Security and Privacy for Big Data, Cloud Computing and Applications

Security and Privacy for Big Data, Cloud Computing and Applications PDF Author: Wei Ren
Publisher: Computing and Networks
ISBN: 1785617478
Category : Computers
Languages : en
Pages : 329

Get Book

Book Description
This book examines various topics and approaches related to the security and privacy in big data and cloud computing, where authors share their expertise in their respective chapters on a broad range of security and privacy challenges and state of the art solutions.

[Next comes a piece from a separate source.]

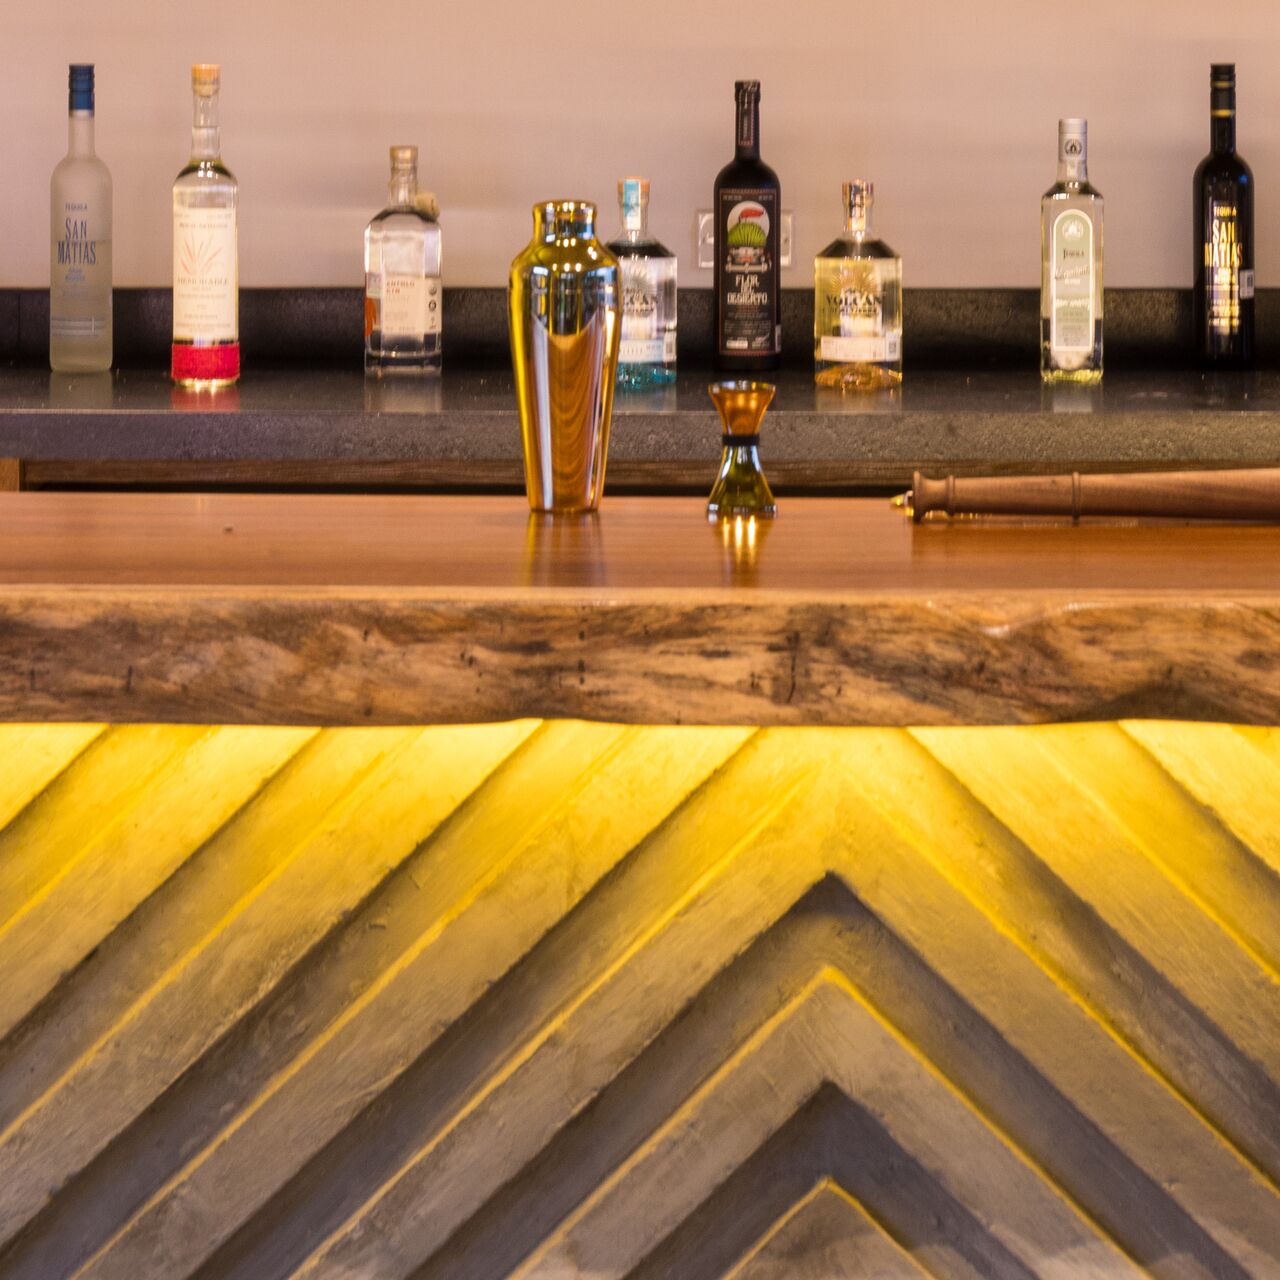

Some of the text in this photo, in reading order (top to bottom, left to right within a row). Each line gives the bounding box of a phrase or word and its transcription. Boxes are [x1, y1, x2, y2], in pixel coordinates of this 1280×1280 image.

[1213, 206, 1237, 217] TEQUILA
[65, 218, 87, 240] SAN
[1212, 219, 1235, 243] SAN
[735, 275, 760, 288] FLOR

Security and Privacy for Big Data, Cloud Computing and Applications

Security and Privacy for Big Data, Cloud Computing and Applications PDF Author: Wei Ren
Publisher: Computing and Networks
ISBN: 1785617478
Category : Computers
Languages : en
Pages : 329

Get Book

Book Description
This book examines various topics and approaches related to the security and privacy in big data and cloud computing, where authors share their expertise in their respective chapters on a broad range of security and privacy challenges and state of the art solutions.

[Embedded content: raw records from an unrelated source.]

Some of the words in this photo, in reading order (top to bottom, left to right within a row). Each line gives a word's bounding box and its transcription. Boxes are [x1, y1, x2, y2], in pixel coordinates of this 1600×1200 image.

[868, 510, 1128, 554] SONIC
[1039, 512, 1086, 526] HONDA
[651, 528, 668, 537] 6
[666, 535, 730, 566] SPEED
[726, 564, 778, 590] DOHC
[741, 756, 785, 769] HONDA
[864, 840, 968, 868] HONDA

Cloud Computing and Big Data: Technologies, Applications and Security

Cloud Computing and Big Data: Technologies, Applications and Security PDF Author: Mostapha Zbakh
Publisher: Springer
ISBN: 3319977199
Category : Technology & Engineering
Languages : en
Pages : 394

Get Book

Book Description
This book addresses topics related to cloud and Big Data technologies, architecture and applications including distributed computing and data centers, cloud infrastructure and security, and end-user services. The majority of the book is devoted to the security aspects of cloud computing and Big Data. Cloud computing, which can be seen as any subscription-based or pay-per-use service that extends the Internet’s existing capabilities, has gained considerable attention from both academia and the IT industry as a new infrastructure requiring smaller investments in hardware platforms, staff training, or licensing software tools. It is a new paradigm that has ushered in a revolution in both data storage and computation. In parallel to this progress, Big Data technologies, which rely heavily on cloud computing platforms for both data storage and processing, have been developed and deployed at breathtaking speed. They are among the most frequently used technologies for developing applications and services in many fields, such as the web, health, and energy. Accordingly, cloud computing and Big Data technologies are two of the most central current and future research mainstreams. They involve and impact a host of fields, including business, scientific research, and public and private administration. Gathering extended versions of the best papers presented at the Third International Conference on Cloud Computing Technologies and Applications (CloudTech’17), this book offers a valuable resource for all Information System managers, researchers, students, developers, and policymakers involved in the technological and application aspects of cloud computing and Big Data.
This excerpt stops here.